PROBLEM TO SOLVE => From first line to last, give the records again word for word and omit the pictures.

DATA SHOWN =>
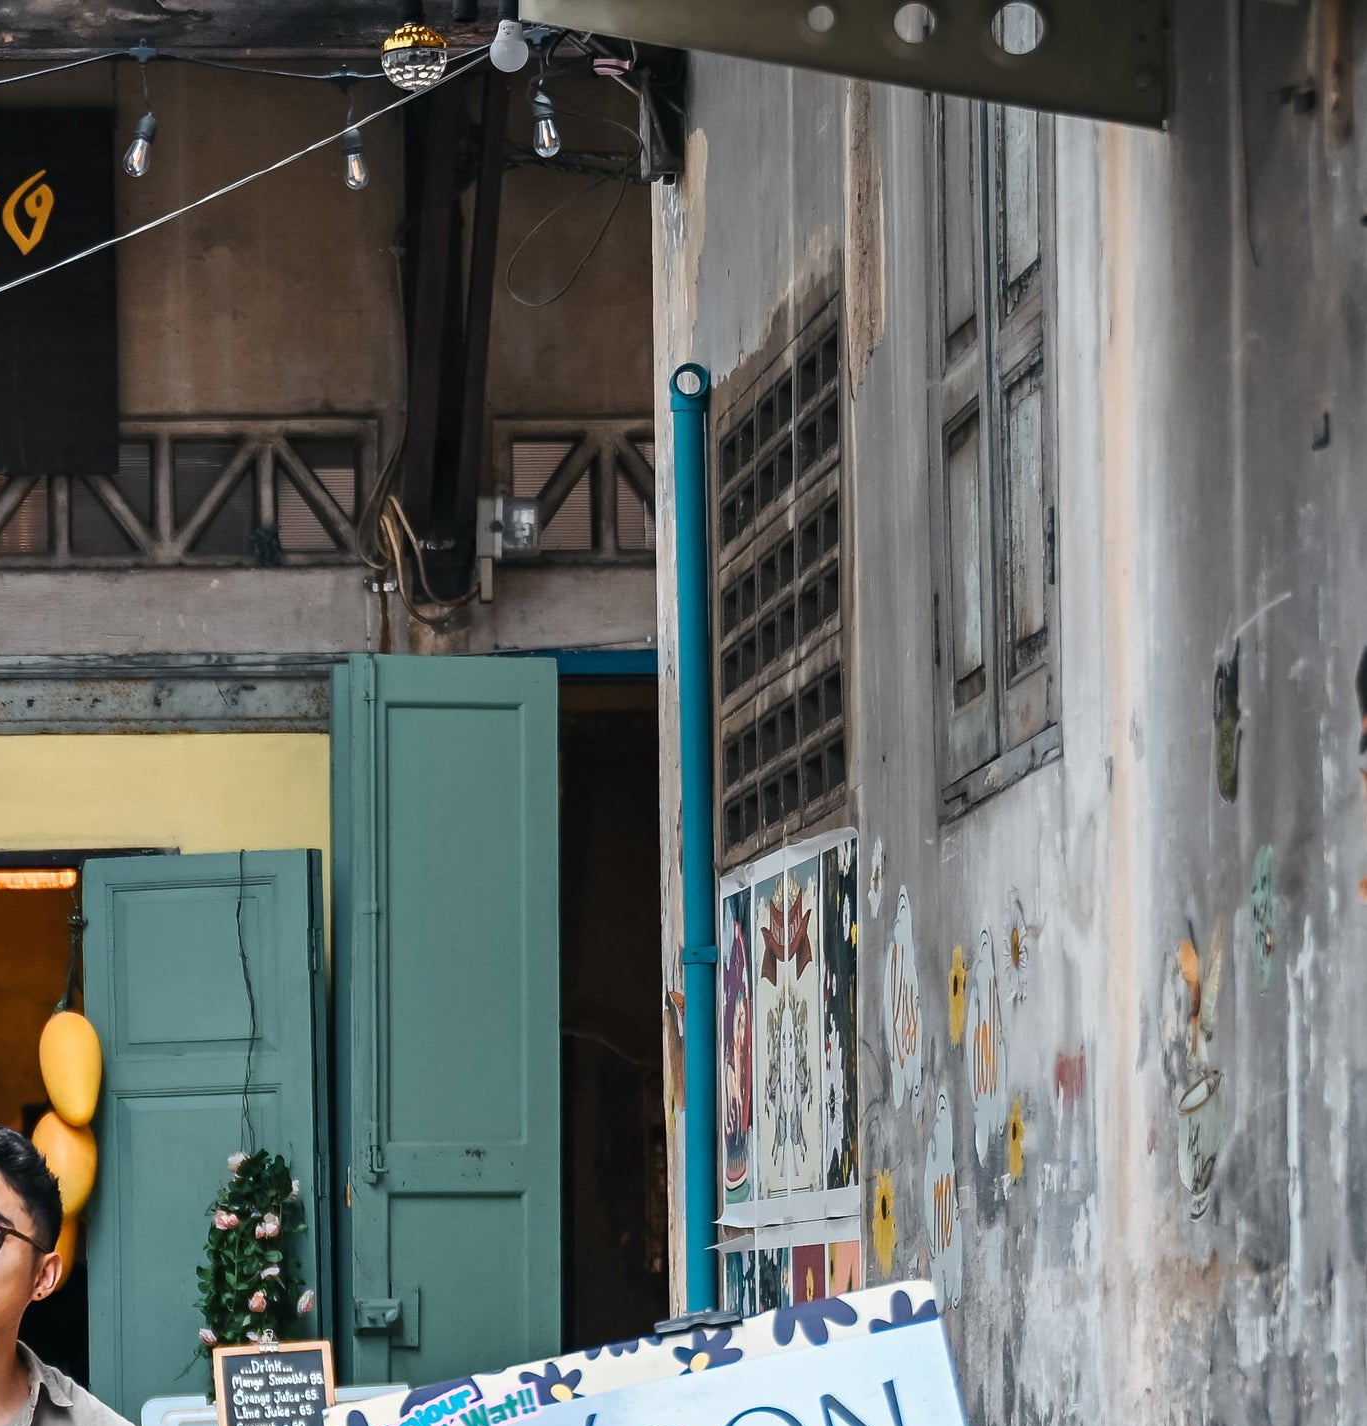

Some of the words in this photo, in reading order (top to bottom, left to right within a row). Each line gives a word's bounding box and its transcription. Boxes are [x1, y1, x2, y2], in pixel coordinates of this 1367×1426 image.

[932, 1172, 954, 1255] me
[972, 976, 998, 1102] doll
[231, 1375, 264, 1391] Mango
[268, 1372, 308, 1386] Smoothie
[233, 1388, 270, 1406] Orange
[234, 1406, 260, 1420] Lime

ANSWER SECTION =>
Some of the words in this photo, in reading order (top to bottom, left to right within a row). Each line gives a word's bounding box and its transcription. Boxes are [x1, y1, x2, y2], in pixel coordinates of this 1367×1426 image.

[932, 1172, 954, 1255] me
[972, 976, 998, 1102] doll
[231, 1375, 264, 1391] Mango
[268, 1372, 308, 1386] Smoothie
[233, 1388, 270, 1406] Orange
[234, 1406, 260, 1420] Lime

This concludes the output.